▶ [What you need to do]:
Each line from the one containing "this 1500×1000 image." to the end of the records should be copied exactly, and no other line.

Start of Material for this exercise

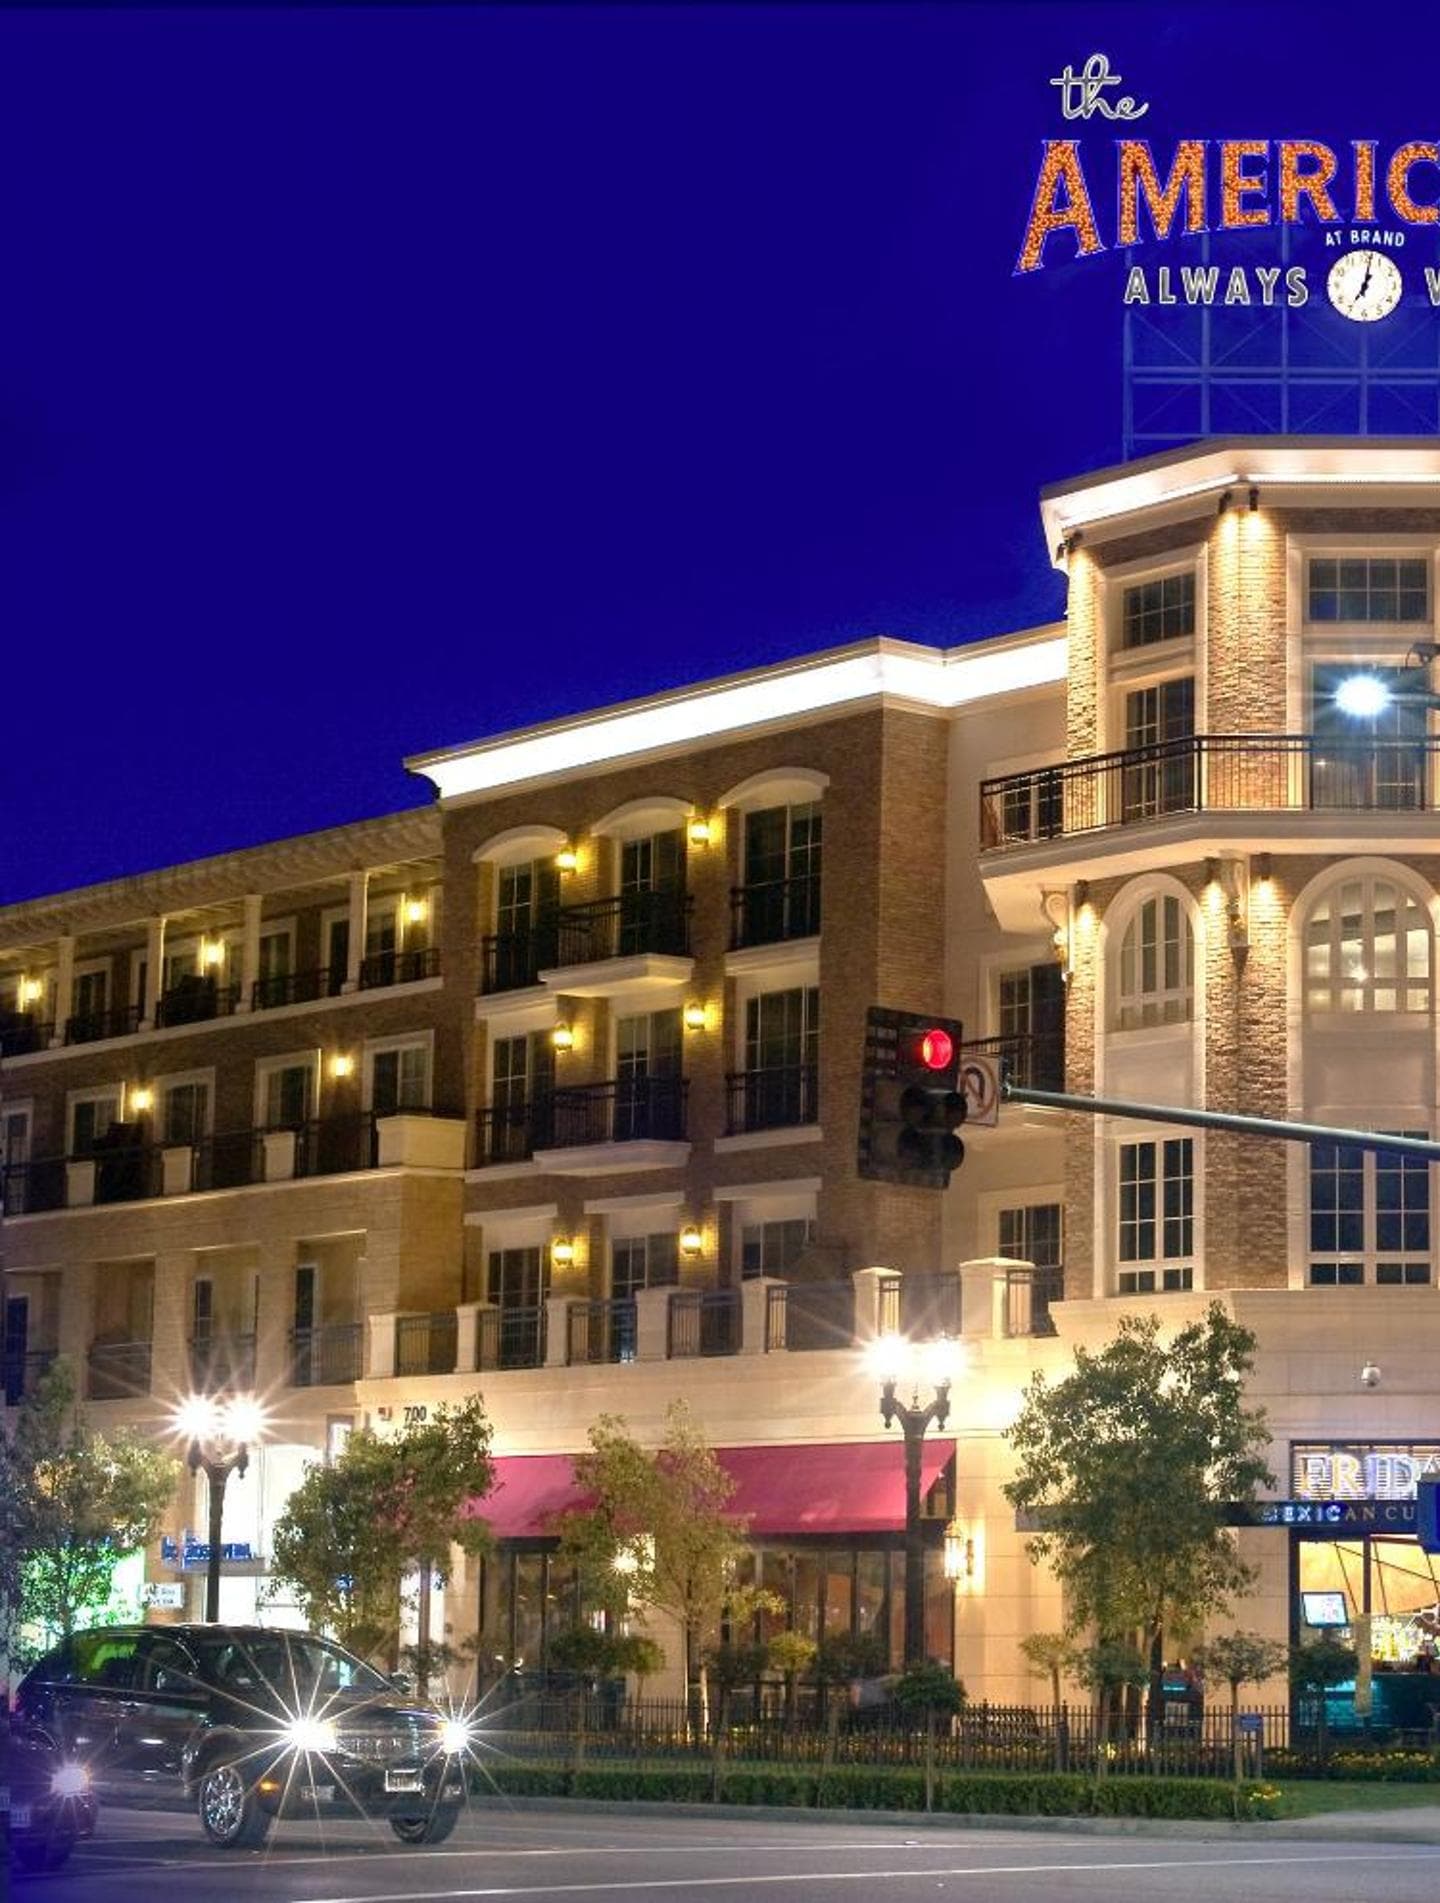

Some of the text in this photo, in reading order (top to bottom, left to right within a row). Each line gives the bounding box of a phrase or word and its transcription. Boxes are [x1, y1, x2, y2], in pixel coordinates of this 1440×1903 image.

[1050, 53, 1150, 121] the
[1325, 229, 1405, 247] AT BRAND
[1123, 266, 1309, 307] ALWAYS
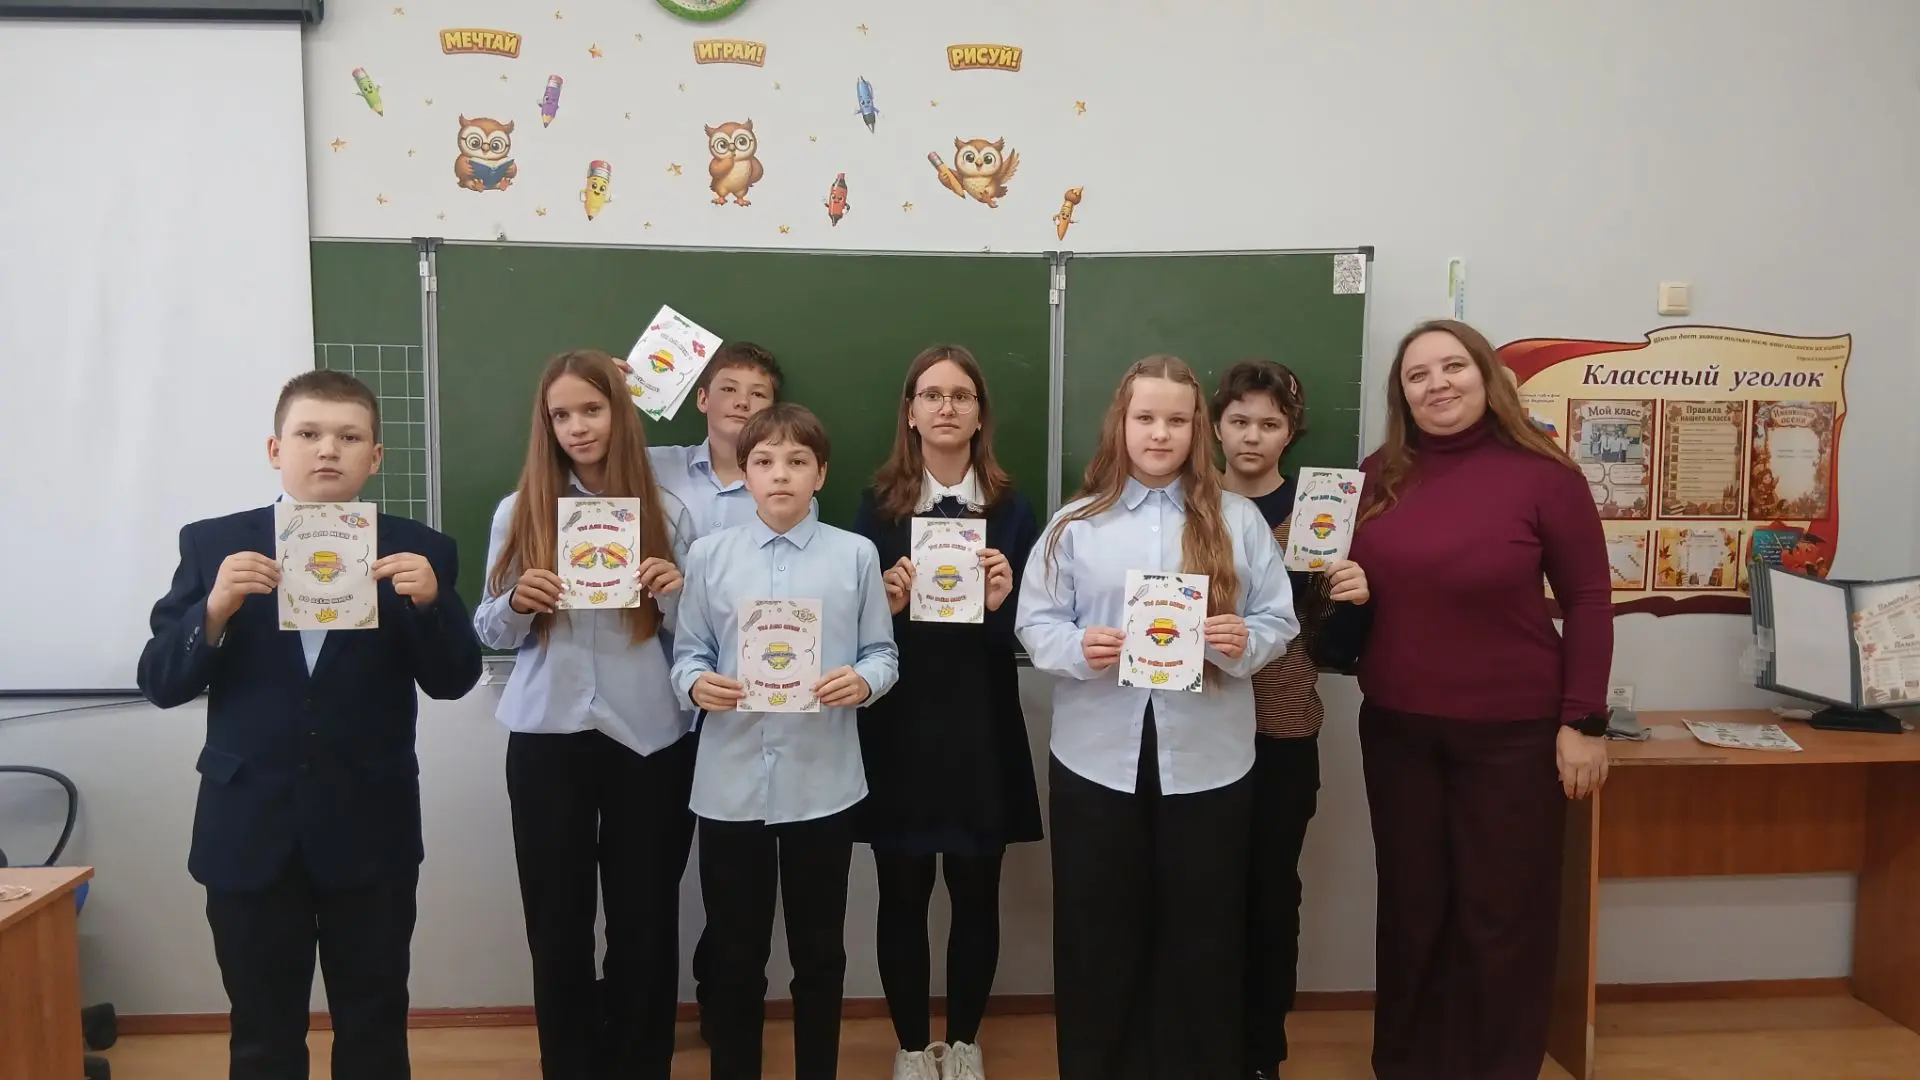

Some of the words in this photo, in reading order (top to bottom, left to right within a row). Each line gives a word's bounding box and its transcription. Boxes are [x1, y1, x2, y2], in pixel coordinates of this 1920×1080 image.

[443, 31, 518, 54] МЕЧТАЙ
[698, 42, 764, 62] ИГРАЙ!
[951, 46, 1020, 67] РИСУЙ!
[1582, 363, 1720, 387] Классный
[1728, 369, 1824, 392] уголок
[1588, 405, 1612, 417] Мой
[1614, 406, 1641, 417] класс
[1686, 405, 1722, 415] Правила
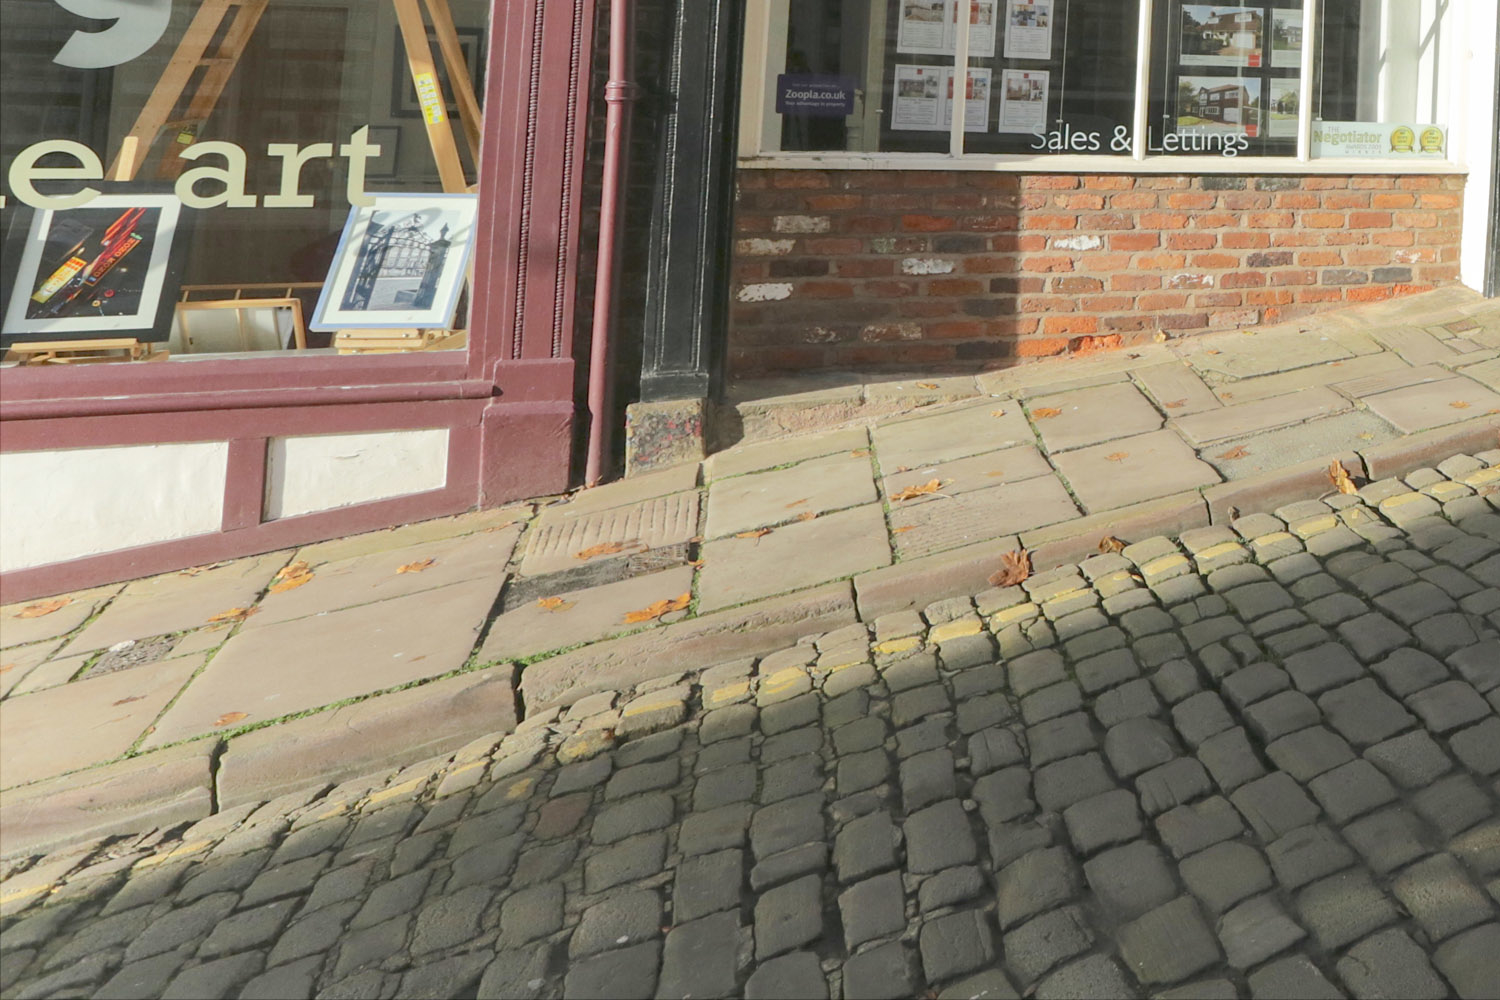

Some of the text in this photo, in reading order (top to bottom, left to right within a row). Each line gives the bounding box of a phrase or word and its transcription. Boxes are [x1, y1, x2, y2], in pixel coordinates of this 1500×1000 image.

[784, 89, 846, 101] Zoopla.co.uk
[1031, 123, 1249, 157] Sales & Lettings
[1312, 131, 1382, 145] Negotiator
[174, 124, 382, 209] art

End of Material for this exercise

▶ [Answer section]:
Some of the text in this photo, in reading order (top to bottom, left to right within a row). Each line gives the bounding box of a phrase or word and its transcription. Boxes are [x1, y1, x2, y2], in pixel coordinates of this 1500×1000 image.

[784, 89, 846, 101] Zoopla.co.uk
[1031, 123, 1249, 157] Sales & Lettings
[1312, 131, 1382, 145] Negotiator
[174, 124, 382, 209] art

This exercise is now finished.